Bloggers Note:
The entry below was written to initiate our community-vested garden project at the City of Delray Beach, FL Park and Recreation site called Veterans Park. Delray Beach is referred to as the "village by the sea". For those interested in creating community gardens, we found clearly outlining the part people can play vital to moving our project forward. The second article then outlined the distinction, as I see it, between healing spaces and therapy gardens.
"Listen to the garden" Zeami Motokiyo, noh playwrite (1364-1443)
Compassion as a pillar of revitalization is integral in achieving and maintaining a living and growing garden. The challenge is not in setting something in motion as a cornerstone to community; rather, it is in spurring the compassion in each of us to sustain the currency of community. It seems the human condition is often played out in stark contrast: either/or, have/have not. Conflict and fear generated out of a black and white world can allow pessimism to manifest as inertia. Recognizing change is accomplished in small increments; we invite you to review a vision for generating compassion among our "village by the sea" -- one sprout at a time.

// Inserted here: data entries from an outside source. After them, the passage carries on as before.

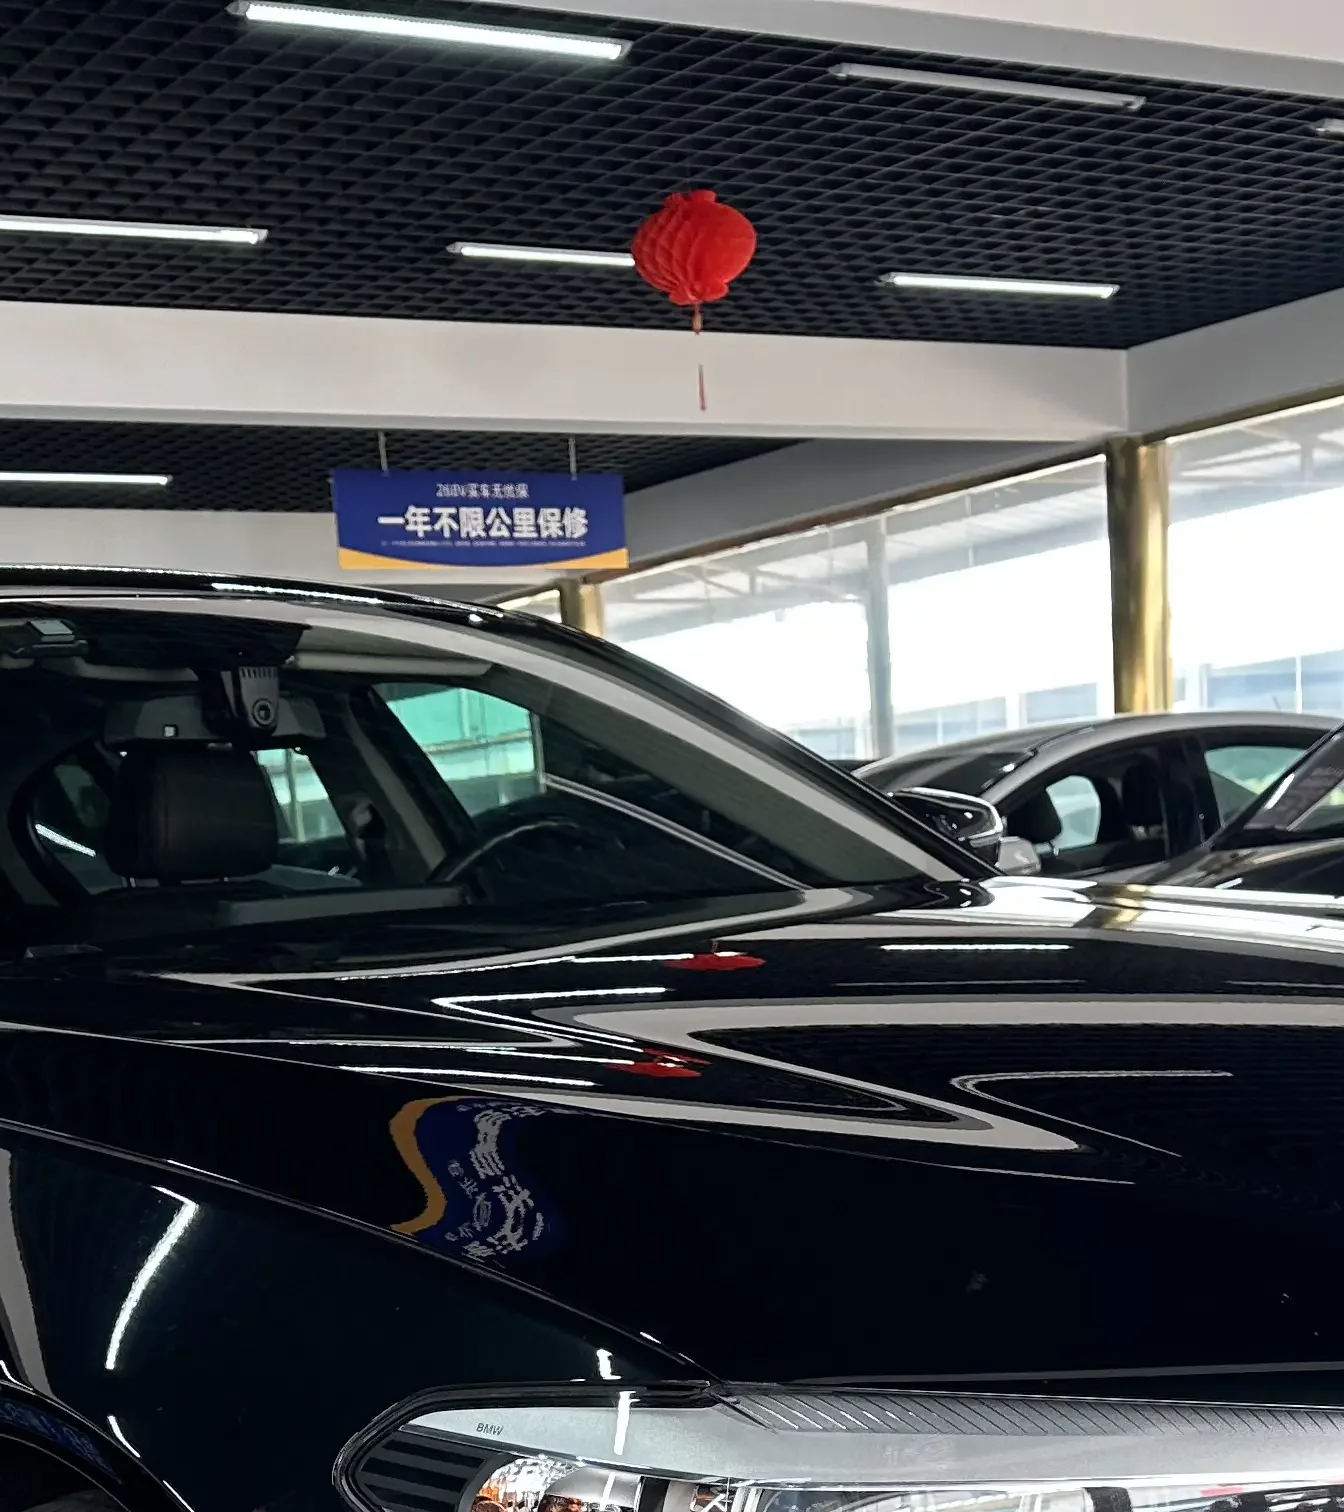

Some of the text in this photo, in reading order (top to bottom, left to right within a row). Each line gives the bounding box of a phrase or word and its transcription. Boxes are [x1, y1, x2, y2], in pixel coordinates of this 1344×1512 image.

[377, 505, 588, 539] 一年不限公里保修
[476, 1422, 504, 1435] BMW
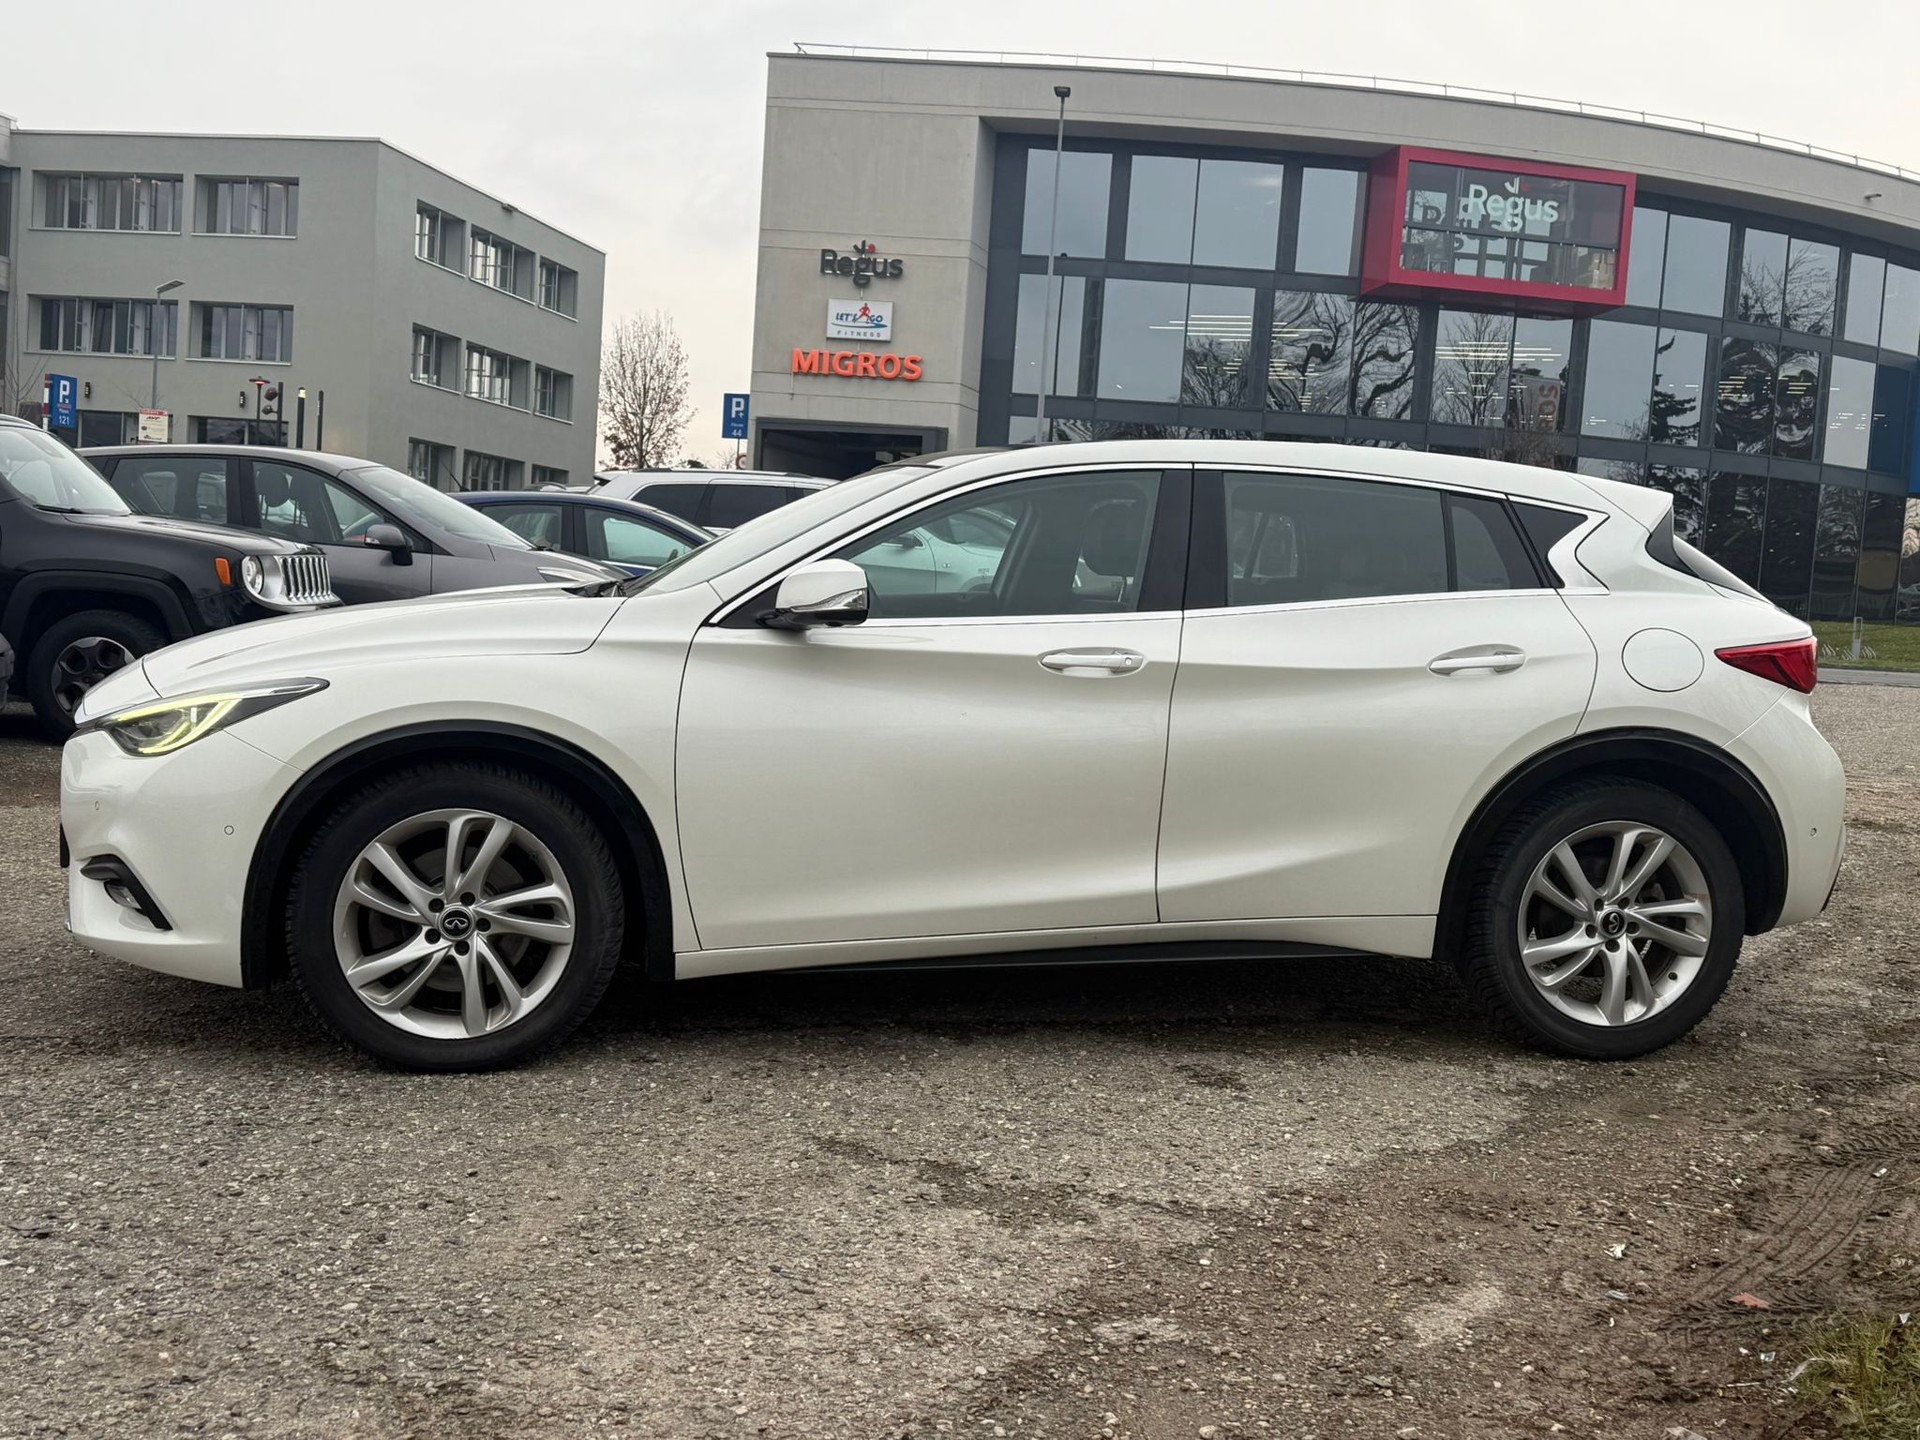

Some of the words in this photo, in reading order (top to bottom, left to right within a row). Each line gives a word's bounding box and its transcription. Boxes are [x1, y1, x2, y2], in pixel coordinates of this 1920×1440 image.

[1467, 183, 1559, 232] Regus
[820, 248, 904, 288] Regus
[836, 312, 858, 323] LET'S
[869, 314, 883, 323] GO
[791, 348, 923, 381] MIGROS
[59, 379, 71, 403] P
[731, 397, 745, 418] P
[58, 415, 70, 425] 121

We're asking people to choose to be a part of a garden design and a project based on their interests and aptitude. The types of garden projects falls across a spectrum of talents and preference. The main purpose of the therapeutic garden project is to encourage the kind of compassion and understanding for nature and for people with dissimilar backgrounds that only first hand knowledge and immersion in collective action have the potential to achieve. Therefore, to take advantage of the full effects of engagement in this project, "gardeners" would have to spend at least a few hours a week at the plot of land they have in their custody.
To amplify the magnitude of the proposed project, it's recommended gardeners be given basic instruction and opportunities for cultivation of plant life and other aspects of holistic wellness. In this way, gardeners would have the opportunity to experience a real life “growth laboratory” of applied cultivation and budgeting skills that will have long-term positive effects on their future life skills. The additional challenge of future fundraising will help to engender commitment to the project, encourage enduring learning of life skills, while gaining invaluable insight and sensitivity to the interconnectedness of people and ecolology.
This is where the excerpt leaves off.